This month, diners at the Uptown restaurant and bar will experience a multitude of taste sensations -- from sweet to hot -- at Vaqueros Chile Pepper Festival in which special foods and drinks are concocted using chiles of all kinds. A highlight of the festival is a contest to select the best salsa recipe (using fresh and dried chiles), with the winner earning a trip for two to Jamaica. That contest, which will be judged at 7 p.m. Thursday (Nov. 15), is open to the public. For information about registration and rules, call Ben at 237-4408.
"The Chile Pepper Festival is a tool to use to get people to try new things," says Foster Smith, who bought Vaqueros three years ago after honing his skills as general manager at Mike's On the Avenue under the tutelage of Chef Mike Fennelly. "The chefs like to get together and do new things throughout the menu. A year ago we did it with chocolate, even the drinks." In addition to giving the chefs and bartenders a chance to try new things, the themed special events also allow customers to expand their epicurean palates.
"There are about 300 varieties of chiles, from bell peppers, some that taste almost watery, to habaneros that are really hot," Smith says. "Each of those chiles also comes in fresh, dried, or smoked and dried, and all of those taste different, so you have a lot of flavors. You can make almost anything out of them. We even make brownies (with chili peppers)."
Vaqueros generally keeps about 30 varieties of chile peppers on hand, and the chefs use them in different combinations and dishes to keep the menu fresh. Except during special festival months like the chocolate and chili pepper events, Smith says he likes to revolve the restaurant's menu so customers, most of whom are regulars, can try new things as well as revisiting dishes that became popular as specials.
"You bring the customers along slowly," Smith says of introducing new and unusual sounding dishes and drinks. "You give them something they're comfortable with and bring them along to other new things a little at a time."

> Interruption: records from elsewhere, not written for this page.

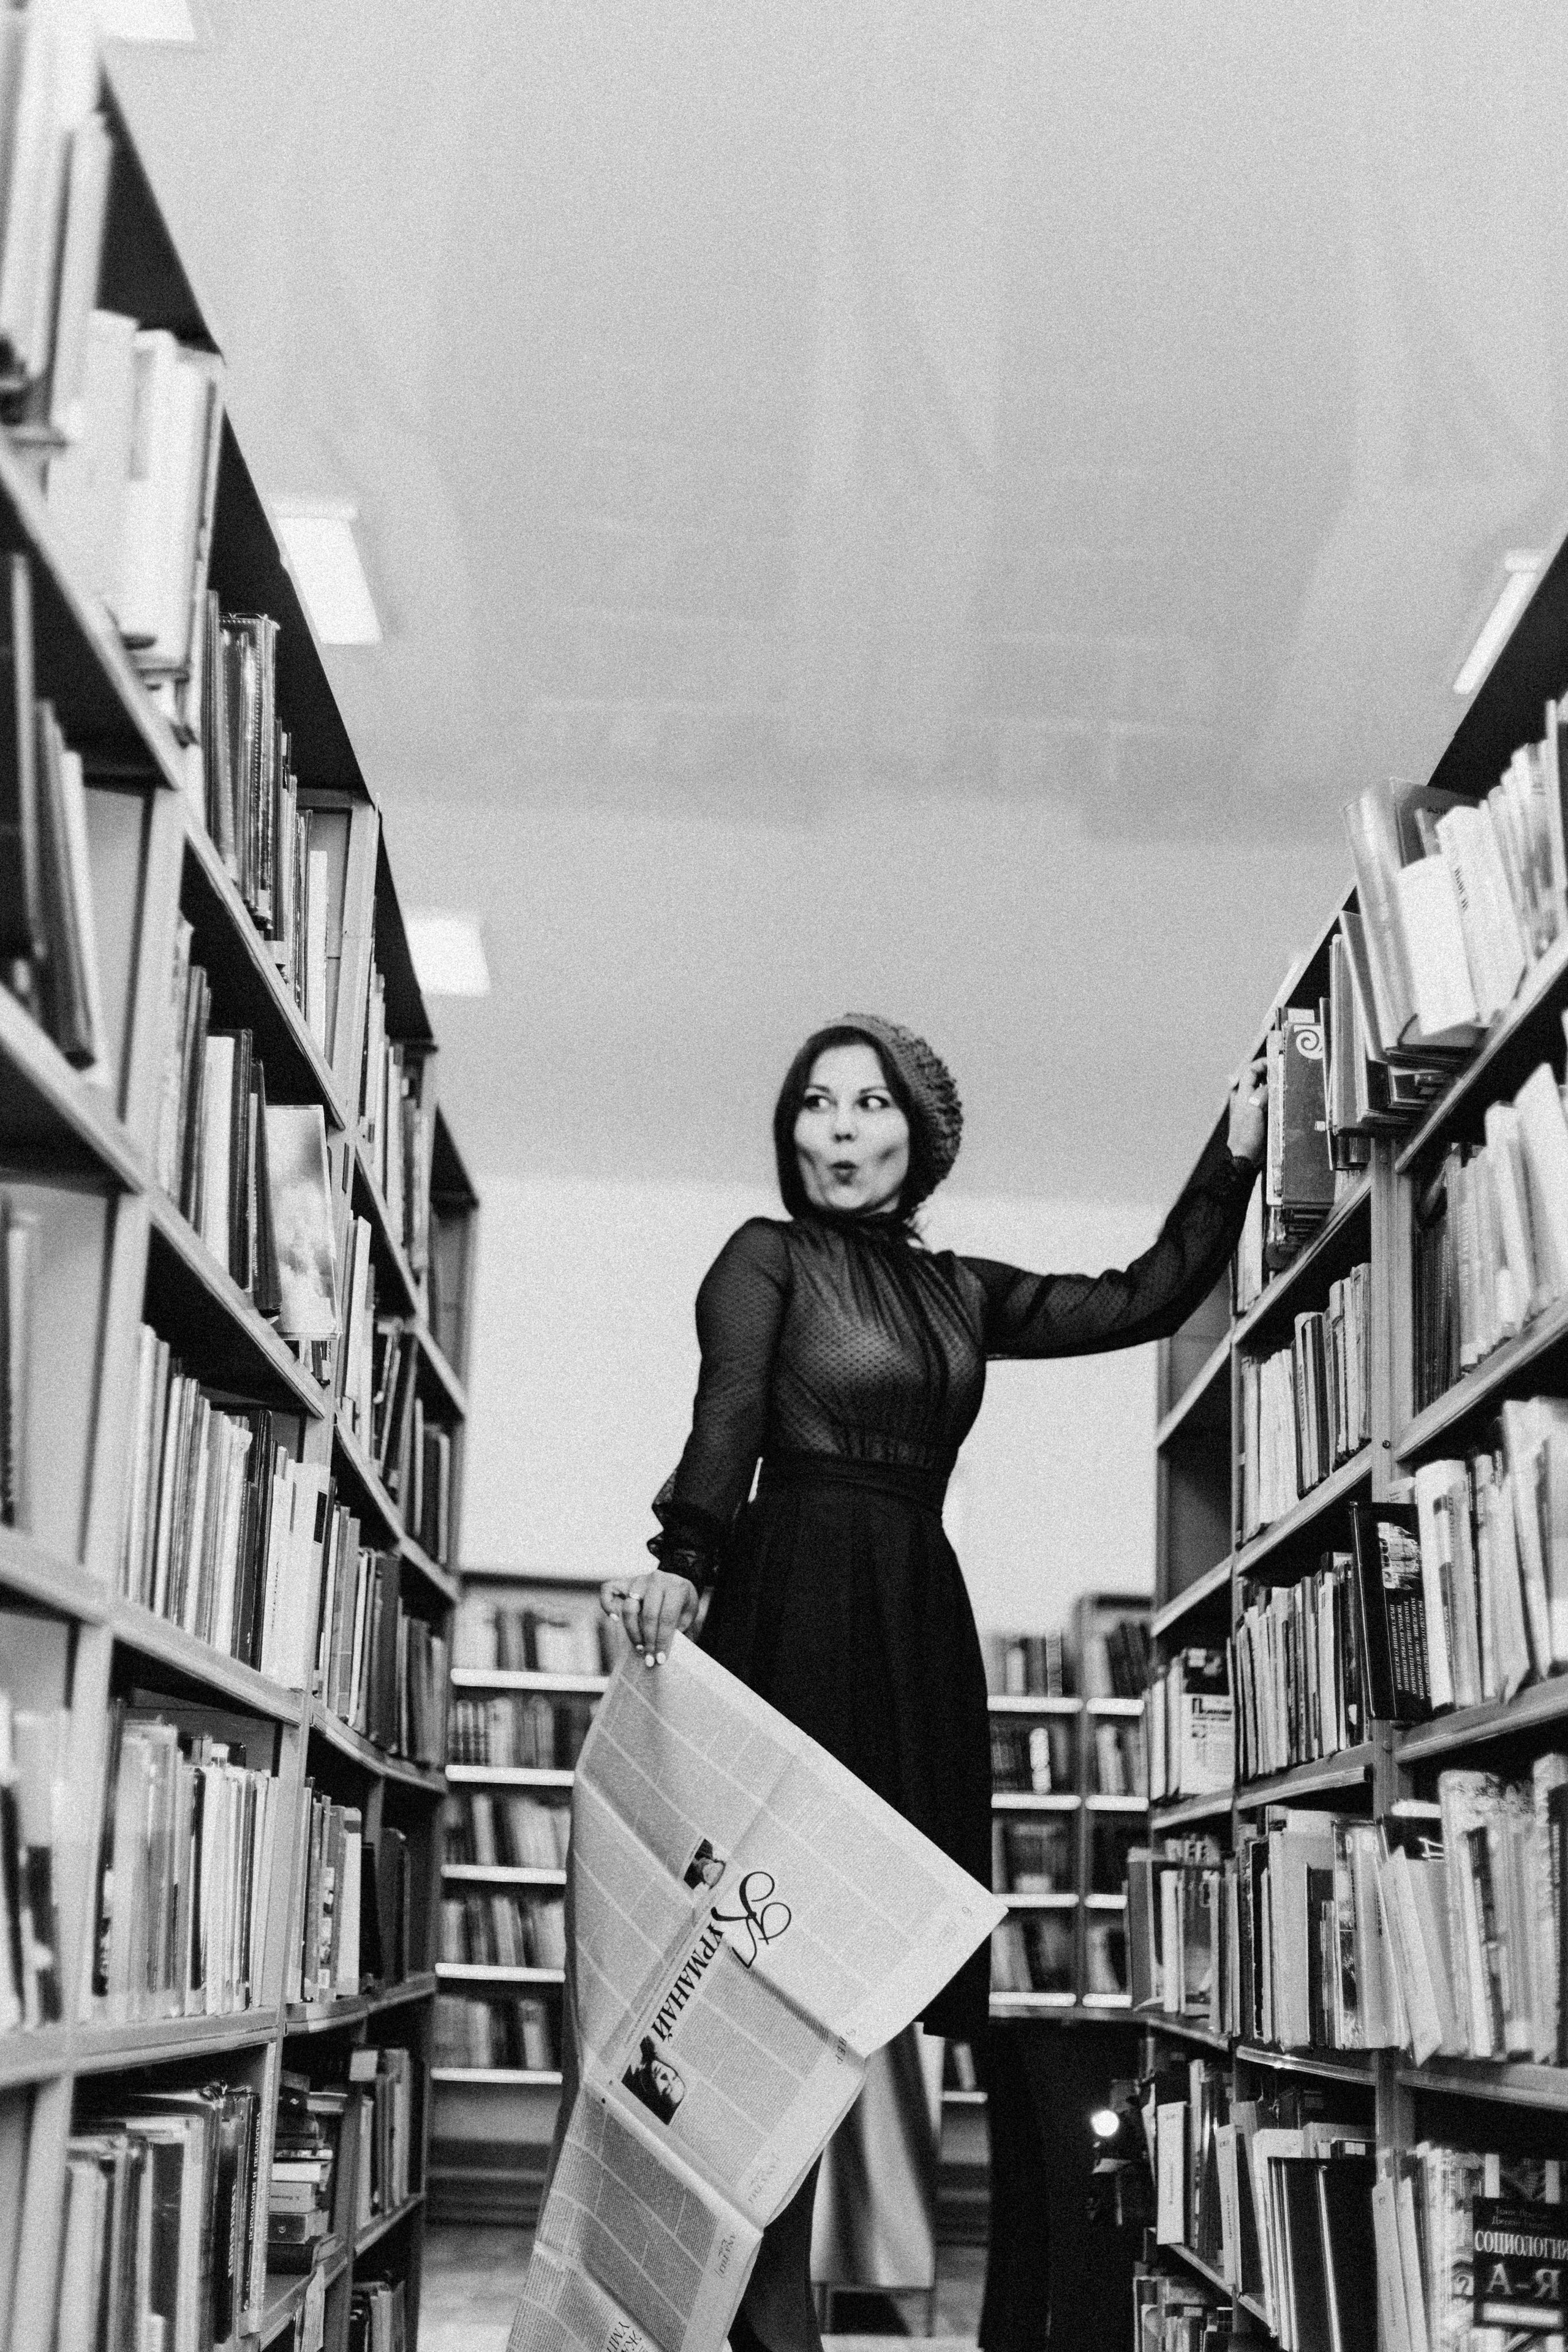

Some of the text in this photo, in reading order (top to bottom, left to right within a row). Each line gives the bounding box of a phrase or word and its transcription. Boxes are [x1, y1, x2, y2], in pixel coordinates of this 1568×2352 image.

[1390, 1604, 1398, 1649] ПРЕДСТАВЛЕНИЕ
[253, 2112, 262, 2168] ПЕДАГОГИКА
[1474, 2230, 1568, 2260] СОЦИОЛОГИЯ
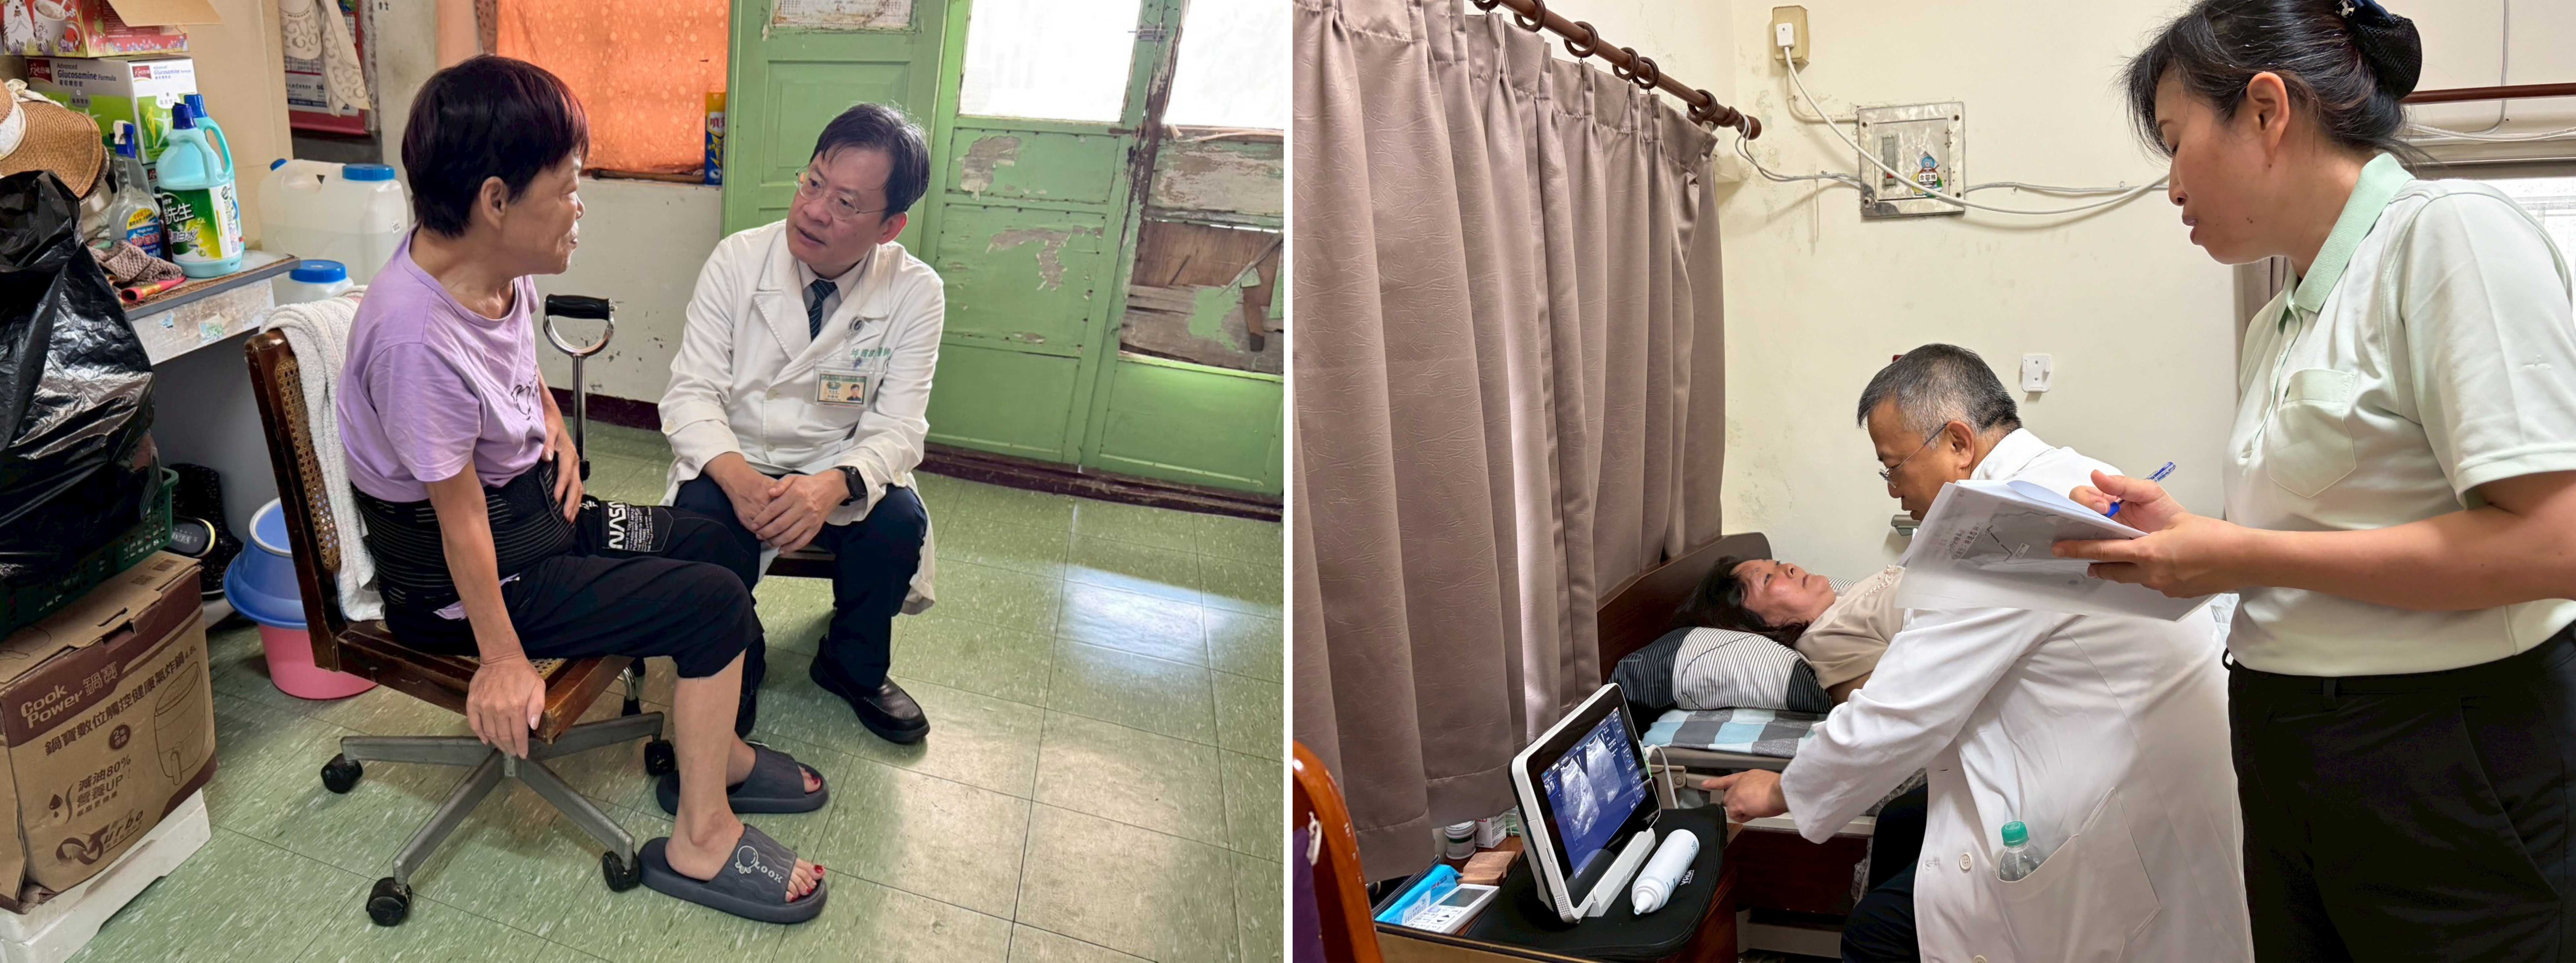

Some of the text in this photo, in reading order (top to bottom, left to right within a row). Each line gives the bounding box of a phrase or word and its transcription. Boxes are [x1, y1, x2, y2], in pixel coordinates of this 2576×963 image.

[57, 69, 97, 80] Glucosamine
[20, 684, 67, 717] Cook
[27, 690, 83, 729] Power
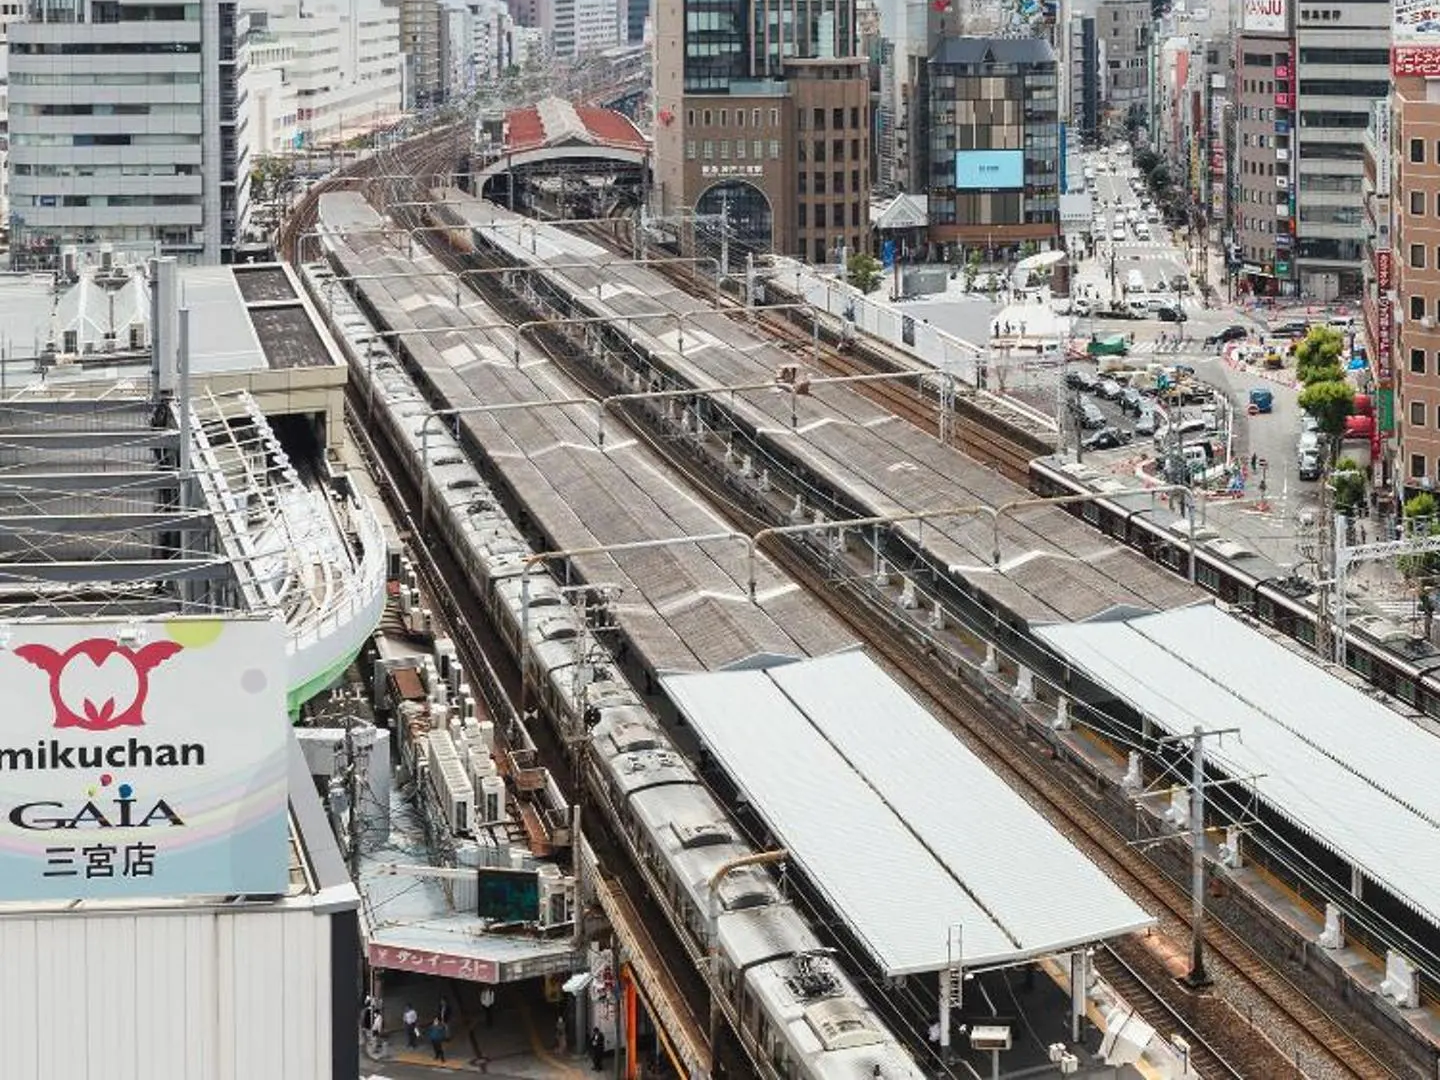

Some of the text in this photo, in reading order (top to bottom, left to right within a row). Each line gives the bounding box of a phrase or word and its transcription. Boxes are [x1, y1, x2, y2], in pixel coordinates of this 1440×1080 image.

[0, 738, 205, 770] mikuchan
[43, 842, 157, 879] 三宮店

Although people typically characterize Vaqueros' cuisine as Mexican or American Southwest, Smith says neither is really accurate. "We try not to bill ourself as a Mexican restaurant, because most of the stuff we do isn't Mexican," he says. "It's more of a Latin restaurant, but people don't recognize that. Even the items people think of as Mexican are done in a different style. The chefs who make them are from Honduras."
Regardless of the roots, people keep returning for the food -- and the margaritas. In fact, Gambit Weekly readers' polls for six years in a row have selected Vaqueros' margaritas the best in the city.
Part of the secret, Smith says, is that the luscious concoctions are made with fresh lime juice instead of the more common bottled stuff. "Our ingredients for all the items served here start better, so they taste better," he says. "Everything is made fresh by hand."
Despite the general economic downturn experienced this year -- "Business for all the restaurants in this area was down 10-to-15 percent before the Sept. 11 attacks" -- Smith says he is hopeful that business will return to normal and he will be able to revive plans to expand, perhaps in Baton Rouge or Metairie.
"We've been looking at doing a second restaurant," he says, "but Sept. 11 put a little bit of a damper on that. Every restaurant in the city is hurting, but it's not just because of Sept. 11. It's been worse since Sept. 11, but it's really just been a bad year." He's optimistic that things will improve soon, however, and that his staff's innovative mixtures and fusions -- and coveted margaritas -- will continue to bring in Vaqueros regulars and new customers hungry for a taste adventure.